#### Extracted records

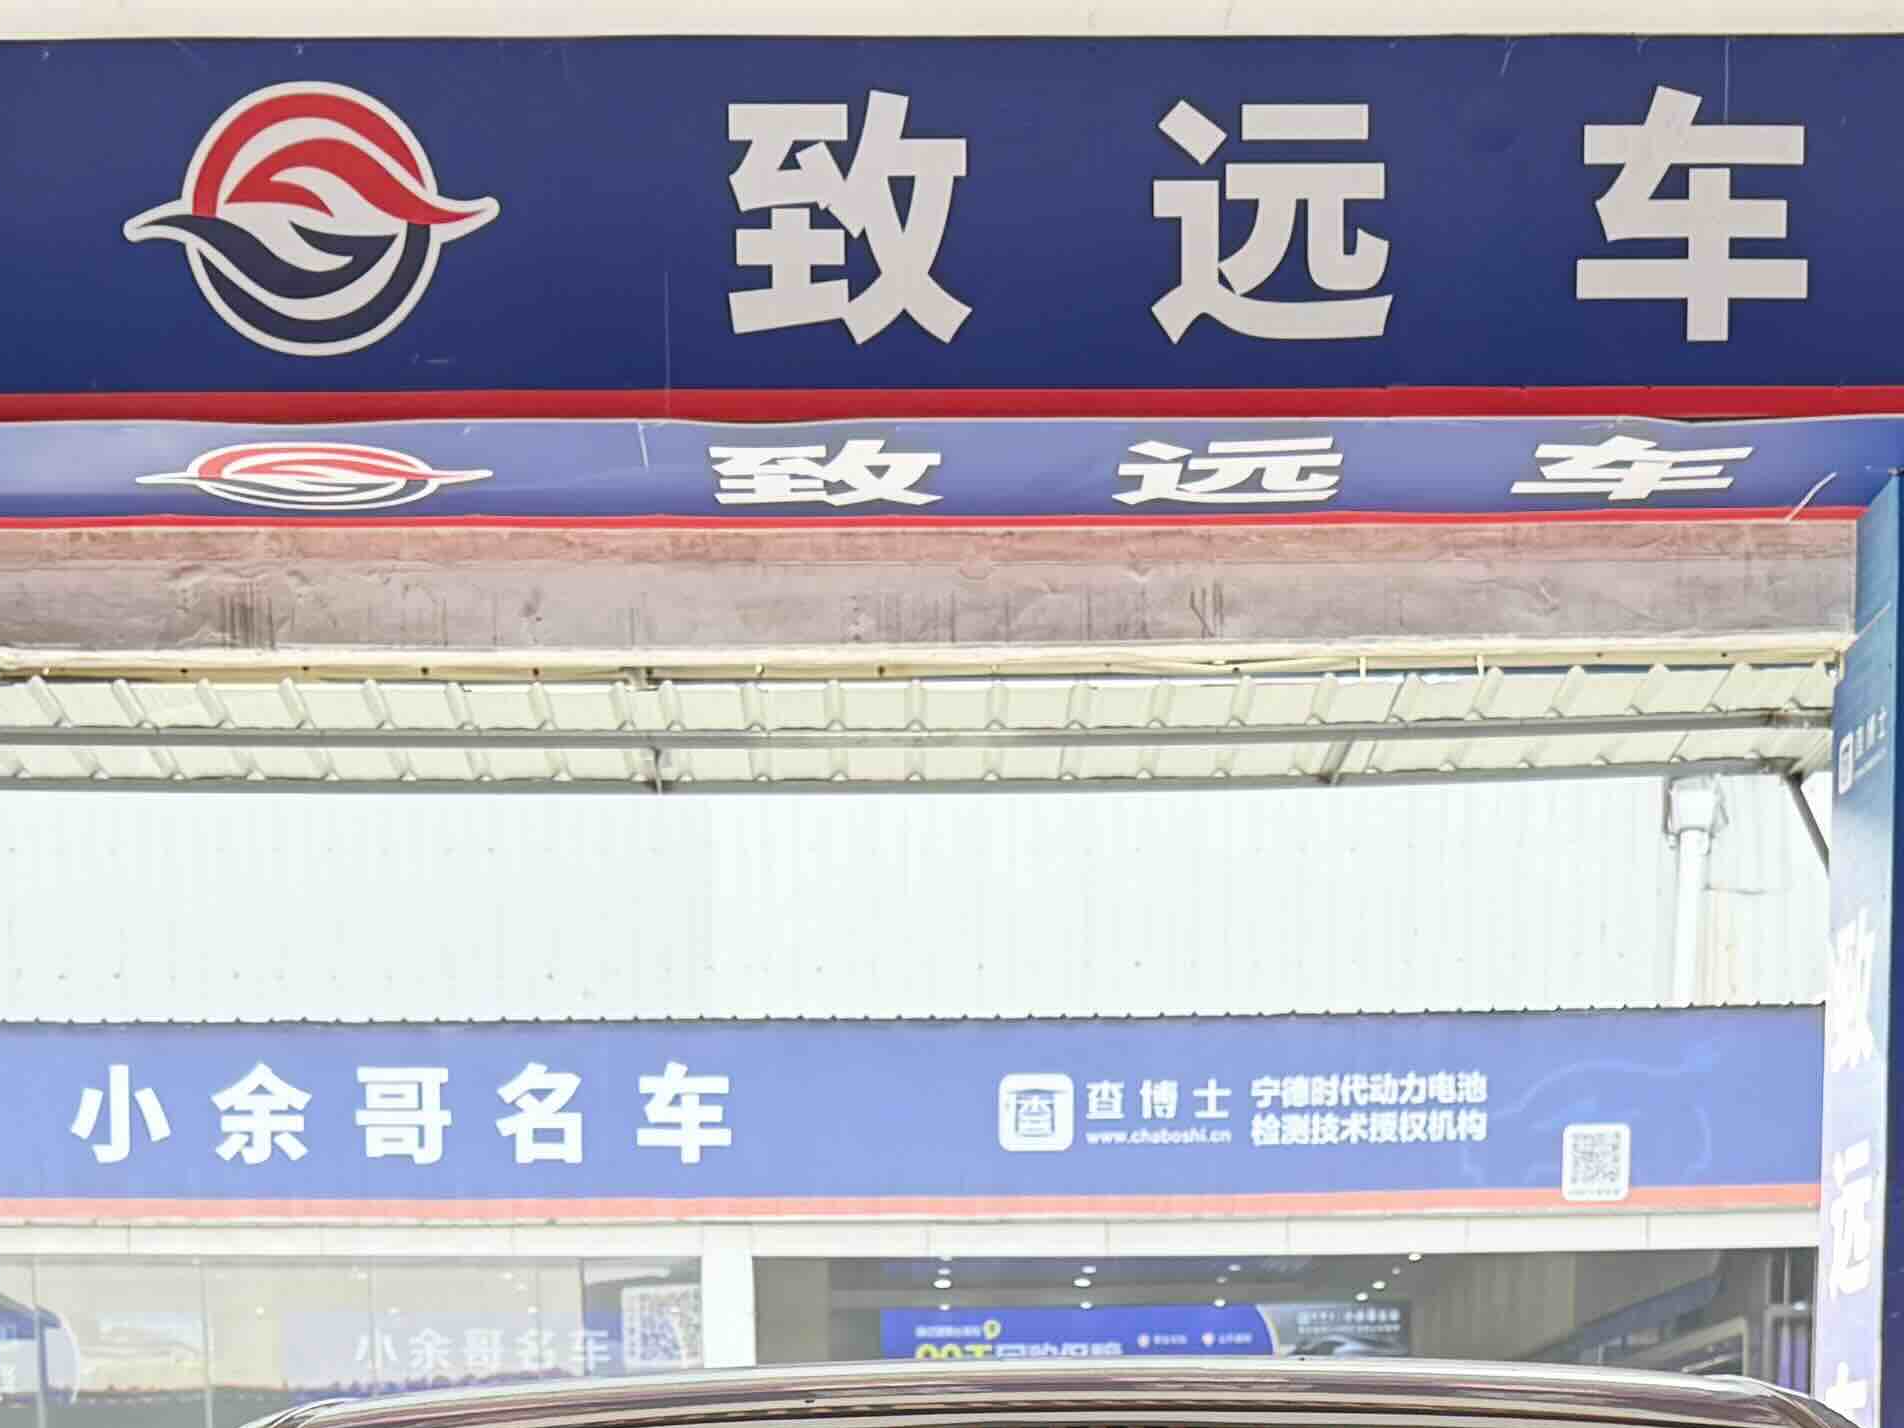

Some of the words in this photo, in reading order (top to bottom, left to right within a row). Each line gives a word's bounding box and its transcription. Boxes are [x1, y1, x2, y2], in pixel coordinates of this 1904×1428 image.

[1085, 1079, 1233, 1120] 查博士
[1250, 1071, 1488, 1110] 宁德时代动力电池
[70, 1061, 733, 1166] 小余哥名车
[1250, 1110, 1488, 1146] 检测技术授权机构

########

Repeat the records above word for word, keeping no pictures in the copy.

● **Solution to this task**
Some of the words in this photo, in reading order (top to bottom, left to right within a row). Each line gives a word's bounding box and its transcription. Boxes are [x1, y1, x2, y2], in pixel coordinates of this 1904×1428 image.

[1085, 1079, 1233, 1120] 查博士
[1250, 1071, 1488, 1110] 宁德时代动力电池
[70, 1061, 733, 1166] 小余哥名车
[1250, 1110, 1488, 1146] 检测技术授权机构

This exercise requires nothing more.